• WORK INSTRUCTION: The line with "Some of the text" marks where to begin. Please copy it and each line after it to the end of the records below, exactly.

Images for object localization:
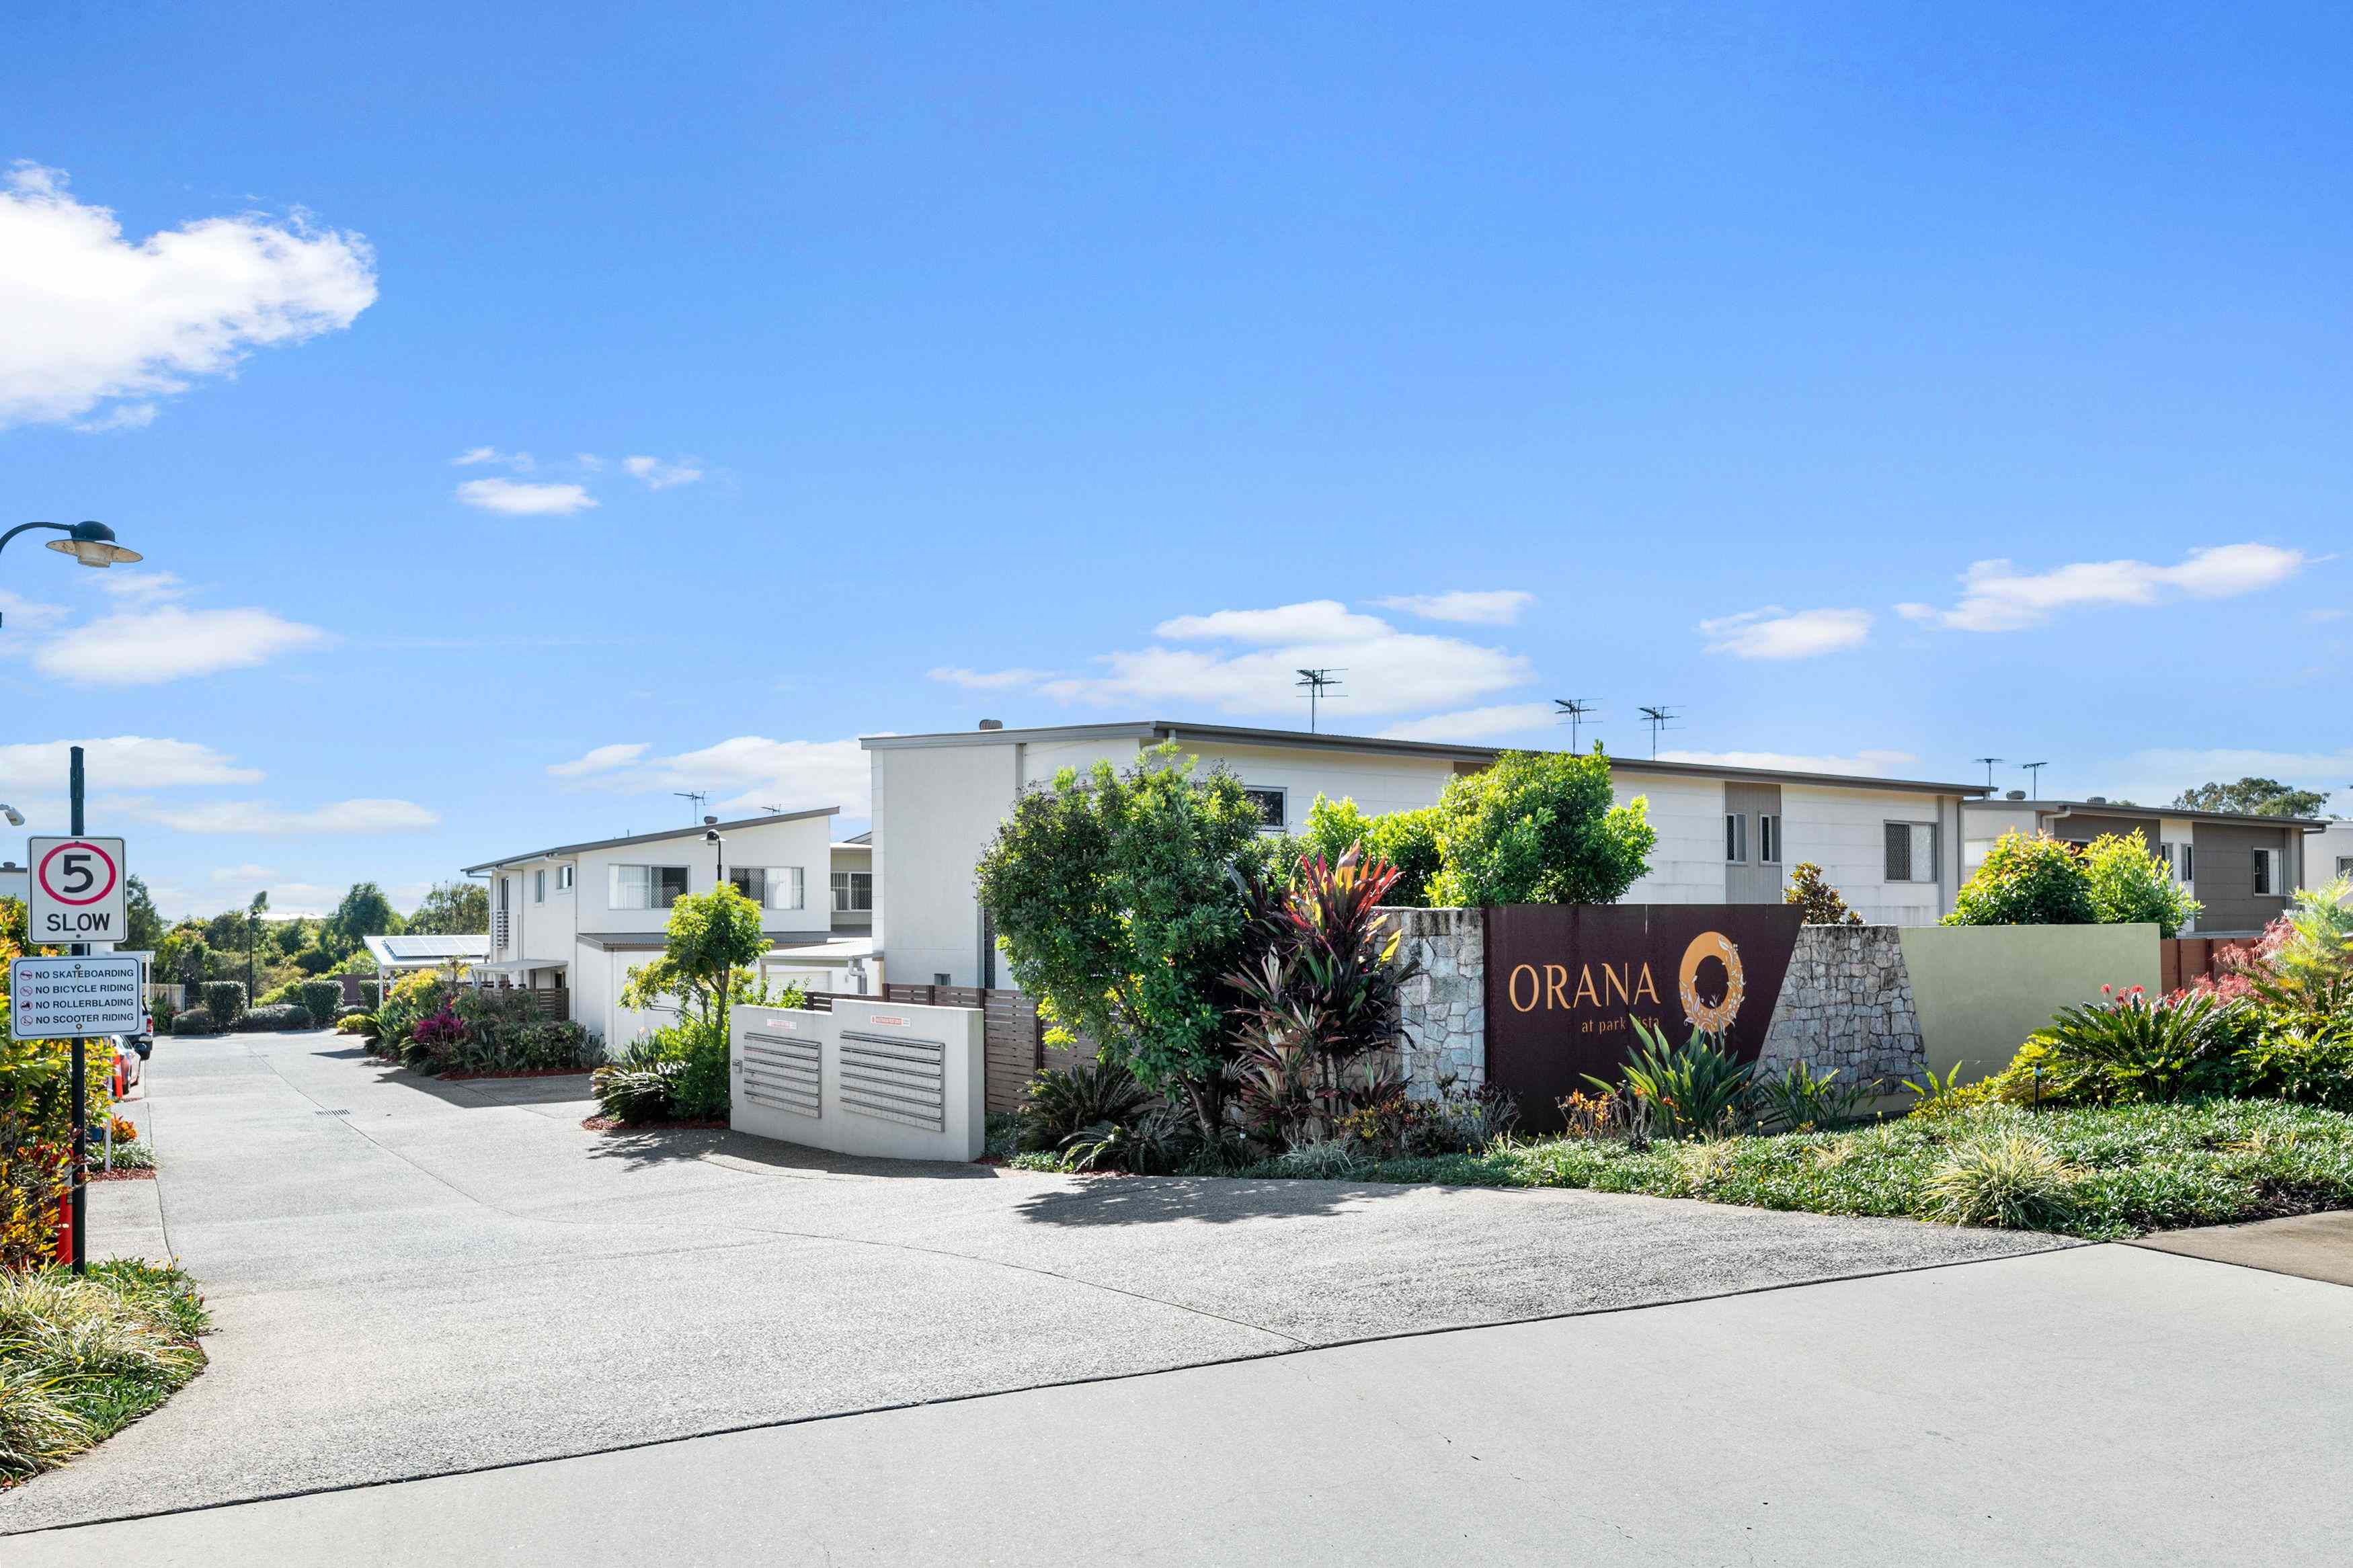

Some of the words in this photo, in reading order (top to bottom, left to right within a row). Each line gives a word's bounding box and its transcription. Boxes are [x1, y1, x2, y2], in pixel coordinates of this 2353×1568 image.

[63, 854, 94, 893] 5
[46, 913, 110, 932] SLOW
[35, 971, 50, 979] NO
[52, 969, 134, 979] SKATEBOARDING
[36, 986, 50, 994] NO
[52, 985, 97, 993] BICYCLE
[100, 984, 134, 992] RIDING
[1509, 962, 1661, 1012] ORANA
[36, 1001, 50, 1009] NO
[52, 998, 134, 1008] ROLLERBLADING
[36, 1016, 50, 1024] NO
[52, 1014, 99, 1024] SCOOTER
[102, 1013, 134, 1022] RIDING
[1581, 1019, 1593, 1033] at
[1599, 1016, 1626, 1035] park
[1637, 1016, 1660, 1029] sta
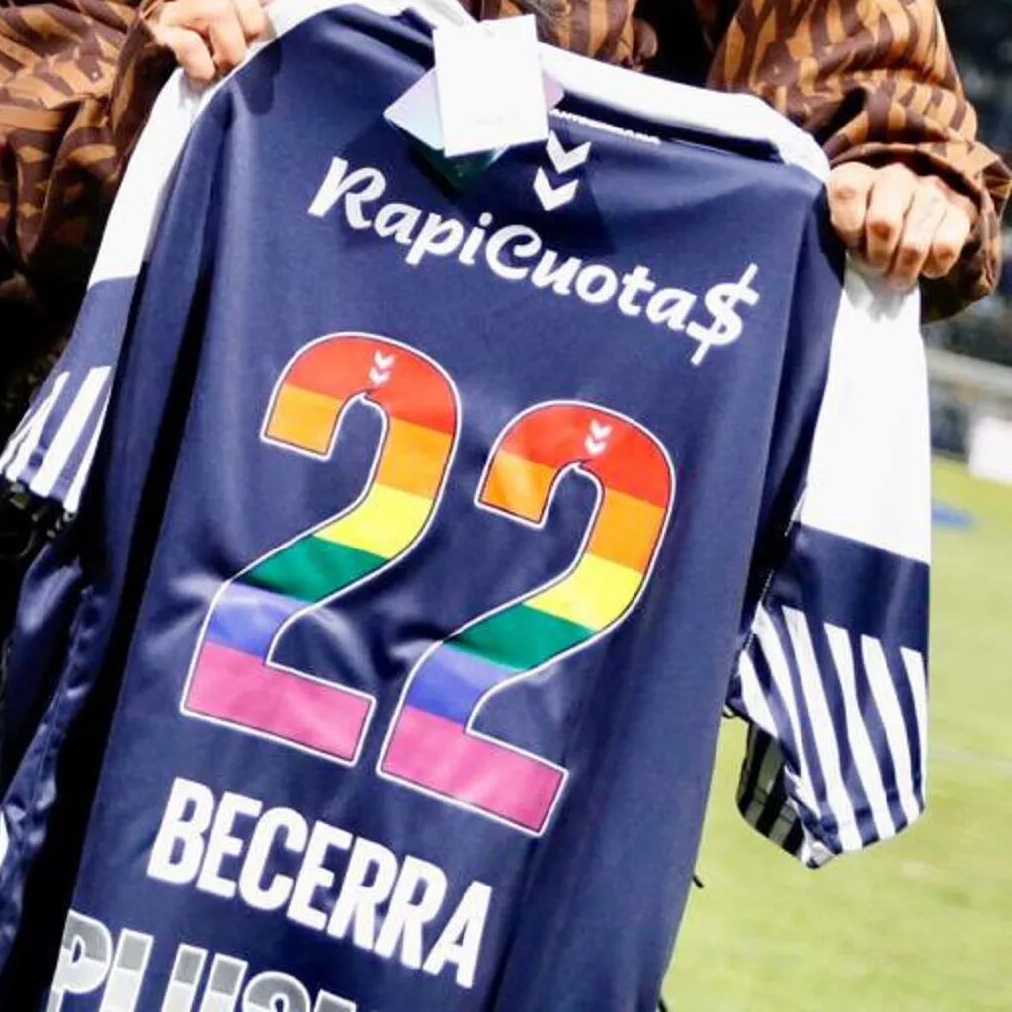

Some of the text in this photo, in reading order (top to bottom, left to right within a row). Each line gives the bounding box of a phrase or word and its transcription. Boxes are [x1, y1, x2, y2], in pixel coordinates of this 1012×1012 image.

[307, 156, 760, 366] RapiCuota$
[181, 331, 676, 836] 22
[146, 777, 493, 988] BECERRA

• EXERCISE OUTPUT:
Some of the text in this photo, in reading order (top to bottom, left to right within a row). Each line gives the bounding box of a phrase or word and its transcription. Boxes are [x1, y1, x2, y2], in pixel coordinates of this 1012×1012 image.

[307, 156, 760, 366] RapiCuota$
[181, 331, 676, 836] 22
[146, 777, 493, 988] BECERRA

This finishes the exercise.